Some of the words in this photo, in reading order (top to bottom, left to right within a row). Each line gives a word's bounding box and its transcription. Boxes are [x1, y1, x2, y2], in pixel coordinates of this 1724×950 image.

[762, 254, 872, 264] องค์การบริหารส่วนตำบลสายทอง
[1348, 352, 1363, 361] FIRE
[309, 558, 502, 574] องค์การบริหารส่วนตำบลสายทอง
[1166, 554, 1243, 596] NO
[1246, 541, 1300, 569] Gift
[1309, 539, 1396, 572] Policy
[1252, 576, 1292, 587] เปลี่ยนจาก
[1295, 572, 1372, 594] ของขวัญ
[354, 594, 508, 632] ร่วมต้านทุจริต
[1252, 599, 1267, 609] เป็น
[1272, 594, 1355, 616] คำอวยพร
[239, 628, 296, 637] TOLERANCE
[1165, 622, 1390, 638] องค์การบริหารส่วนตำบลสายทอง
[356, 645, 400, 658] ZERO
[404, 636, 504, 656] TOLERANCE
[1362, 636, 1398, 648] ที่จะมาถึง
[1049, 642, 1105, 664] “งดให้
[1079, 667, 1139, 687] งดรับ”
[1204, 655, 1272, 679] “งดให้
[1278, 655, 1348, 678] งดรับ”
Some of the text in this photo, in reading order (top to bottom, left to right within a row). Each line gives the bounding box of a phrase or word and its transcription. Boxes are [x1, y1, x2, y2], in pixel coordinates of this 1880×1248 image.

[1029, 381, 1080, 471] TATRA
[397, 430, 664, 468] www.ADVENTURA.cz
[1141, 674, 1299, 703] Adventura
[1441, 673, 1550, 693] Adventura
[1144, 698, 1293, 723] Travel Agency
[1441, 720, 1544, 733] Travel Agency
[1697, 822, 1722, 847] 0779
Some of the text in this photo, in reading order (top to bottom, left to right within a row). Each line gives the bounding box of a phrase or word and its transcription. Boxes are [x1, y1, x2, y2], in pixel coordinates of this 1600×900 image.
● ● ● ● ●
What is being asked =>
Retype the listing exactly.

Answer space =>
Some of the words in this photo, in reading order (top to bottom, left to right within a row). Each line gives a word's bounding box and its transcription. Boxes are [x1, y1, x2, y2], in pixel coordinates of this 1724×950 image.

[762, 254, 872, 264] องค์การบริหารส่วนตำบลสายทอง
[1348, 352, 1363, 361] FIRE
[309, 558, 502, 574] องค์การบริหารส่วนตำบลสายทอง
[1166, 554, 1243, 596] NO
[1246, 541, 1300, 569] Gift
[1309, 539, 1396, 572] Policy
[1252, 576, 1292, 587] เปลี่ยนจาก
[1295, 572, 1372, 594] ของขวัญ
[354, 594, 508, 632] ร่วมต้านทุจริต
[1252, 599, 1267, 609] เป็น
[1272, 594, 1355, 616] คำอวยพร
[239, 628, 296, 637] TOLERANCE
[1165, 622, 1390, 638] องค์การบริหารส่วนตำบลสายทอง
[356, 645, 400, 658] ZERO
[404, 636, 504, 656] TOLERANCE
[1362, 636, 1398, 648] ที่จะมาถึง
[1049, 642, 1105, 664] “งดให้
[1079, 667, 1139, 687] งดรับ”
[1204, 655, 1272, 679] “งดให้
[1278, 655, 1348, 678] งดรับ”
Some of the text in this photo, in reading order (top to bottom, left to right within a row). Each line gives the bounding box of a phrase or word and its transcription. Boxes are [x1, y1, x2, y2], in pixel coordinates of this 1880×1248 image.

[1029, 381, 1080, 471] TATRA
[397, 430, 664, 468] www.ADVENTURA.cz
[1141, 674, 1299, 703] Adventura
[1441, 673, 1550, 693] Adventura
[1144, 698, 1293, 723] Travel Agency
[1441, 720, 1544, 733] Travel Agency
[1697, 822, 1722, 847] 0779
Some of the text in this photo, in reading order (top to bottom, left to right within a row). Each line gives the bounding box of a phrase or word and its transcription. Boxes are [x1, y1, x2, y2], in pixel coordinates of this 1600×900 image.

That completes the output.